Cultural knowledge in the workplace leads to improving and understanding in the varied workforce. Reflecting on the placement about the cultural competency matrix, I have discovered that I have been learned into the categories about cultural awareness and cultural knowledge. As an immigrant of Australia, I have limited understanding as well as the experience with the culture of Australia, particularly the Indigenous history and culture of Australia. I have recently started working in an organisation that helps me to know about promotes and values of the Aboriginal culture (Dachs et al. 2019). I have also been able to gather information about the Assimilation Policy (1937) and the Bringing Them Home Report (1938, 1997) that helps to improve my data collection skills and also gather information about Australian culture. The knowledge of Reinforce has been passed down from generation to generation, typically through cultural rituals and word of mouth, and To know about this knowledge, I have also been able to get information for serving by the foundation for various kinds of purpose that have supported the Australian culture and society, as well as the environment of Australia. It has also provided me with limited exposure to Australian cultural competency.

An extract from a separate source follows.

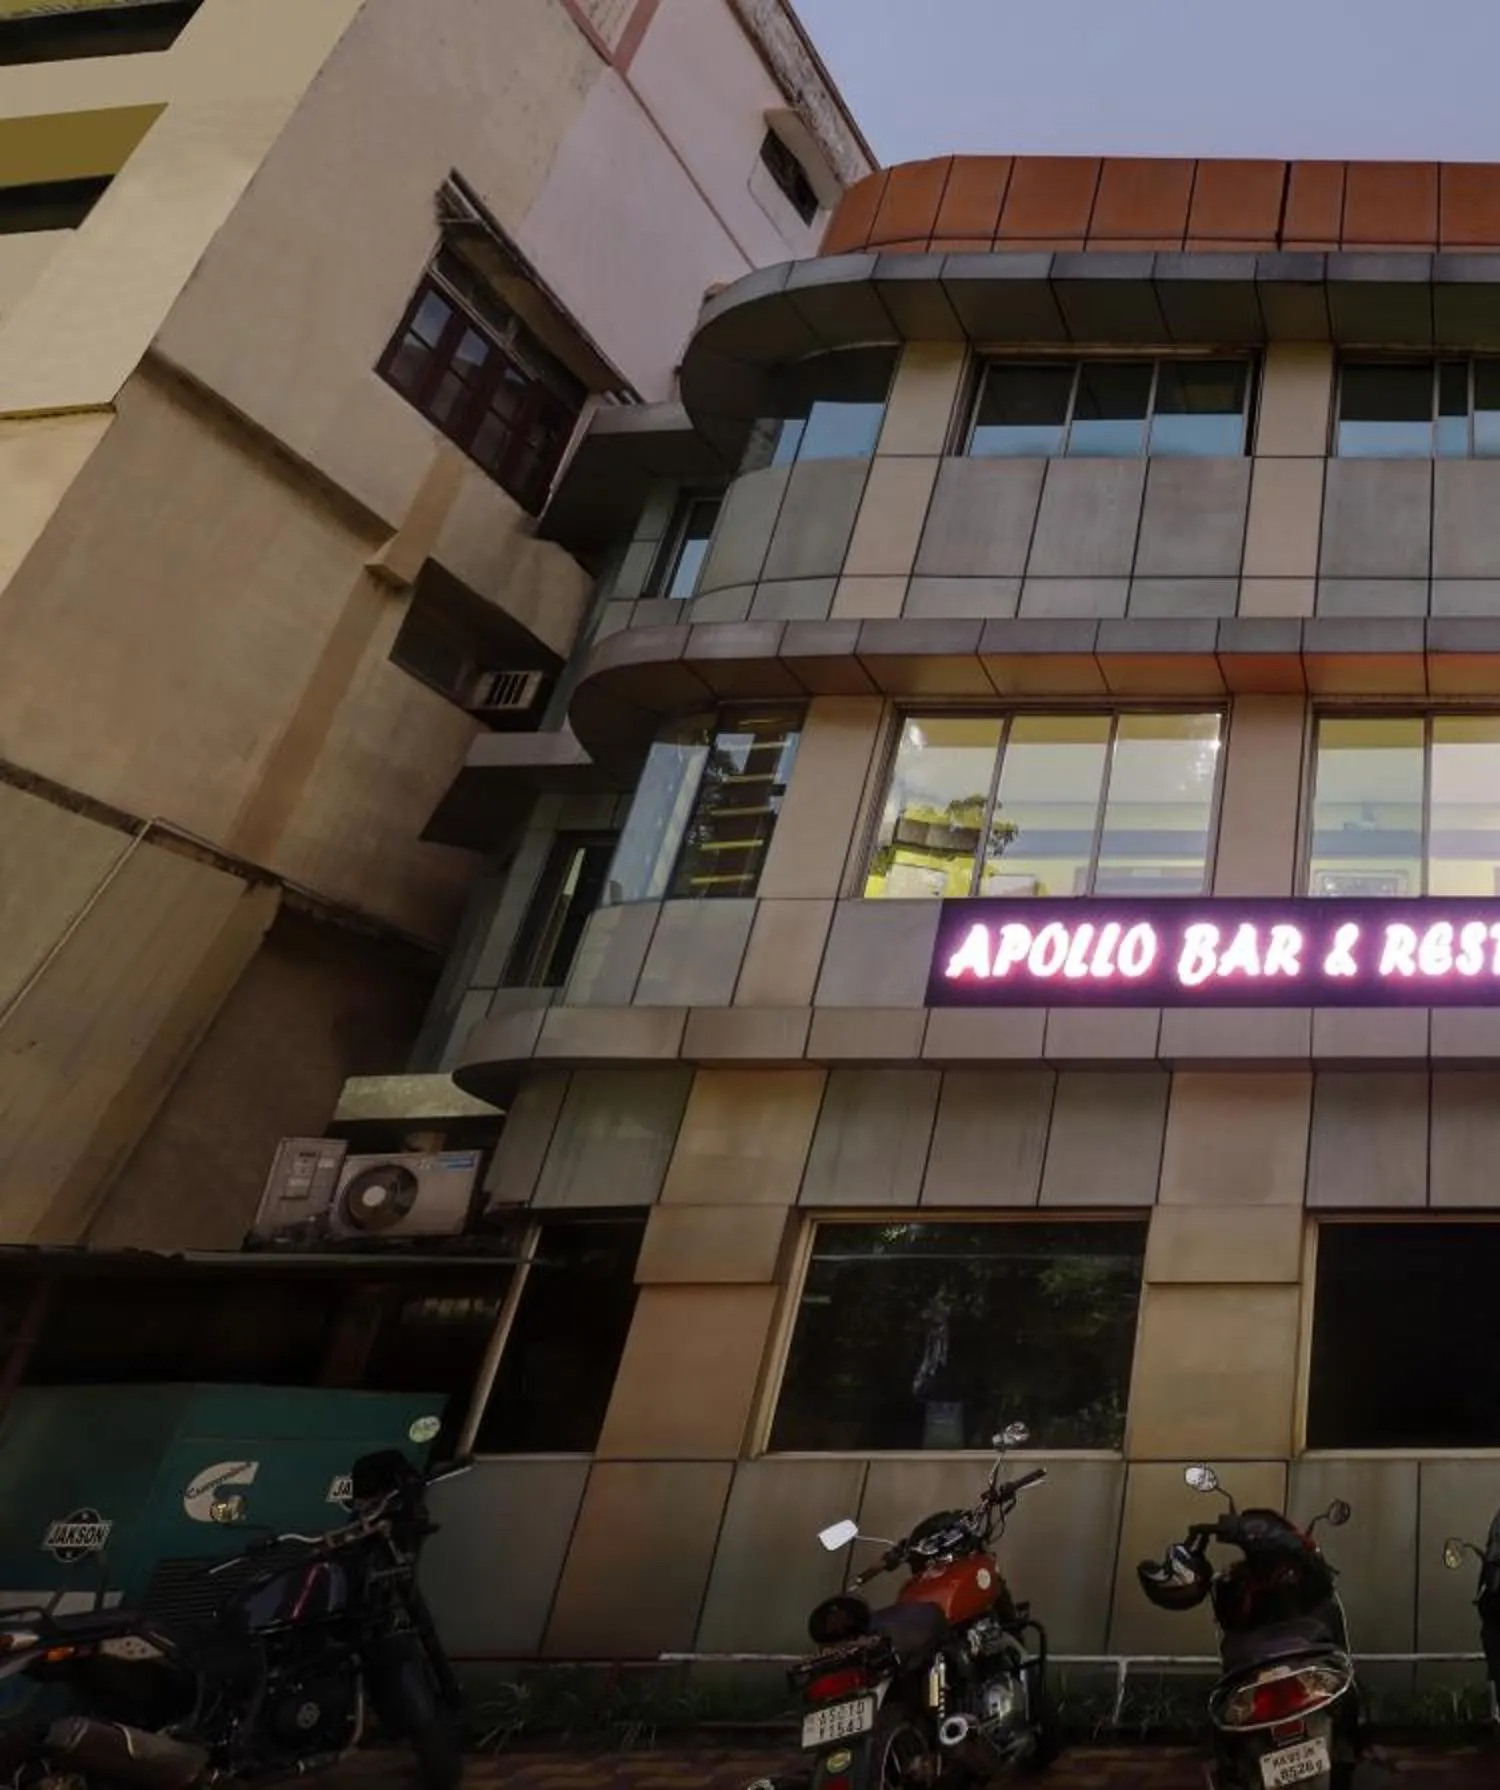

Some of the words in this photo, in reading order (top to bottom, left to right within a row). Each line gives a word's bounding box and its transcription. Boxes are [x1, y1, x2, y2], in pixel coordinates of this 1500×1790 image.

[945, 919, 1159, 980] APOLLO
[1176, 921, 1303, 986] BAR
[1322, 922, 1361, 979] &

It has been concluded that this project has been mainly focused on the aims of two events: the Assimilation Policy (1937) and the Bringing Them Home Report (1938). (1997). The Assimilation Policy was implemented in 1937 to integrate Indigenous people into "white civilization."It compelled Indigenous people to embrace the rules, culture, and beliefs of larger Australian society. By incorporating Indigenous people into Australian civilization, this programme tried to halt the reproduction of the Indigenous population. In this project it has been analysed that the approach has also had a devastating influence on Indigenous Australians and their cultural past, resulting in substantial psychological anguish and a loss of identity. This project has also been able to analyse the Indigenous Australian positions, power dynamics contrasts parallels and aspirations, and how information about Australian history is transmitted. Finally, the Developer of the project has described how the chosen policy and event have affected the cultural competency. ?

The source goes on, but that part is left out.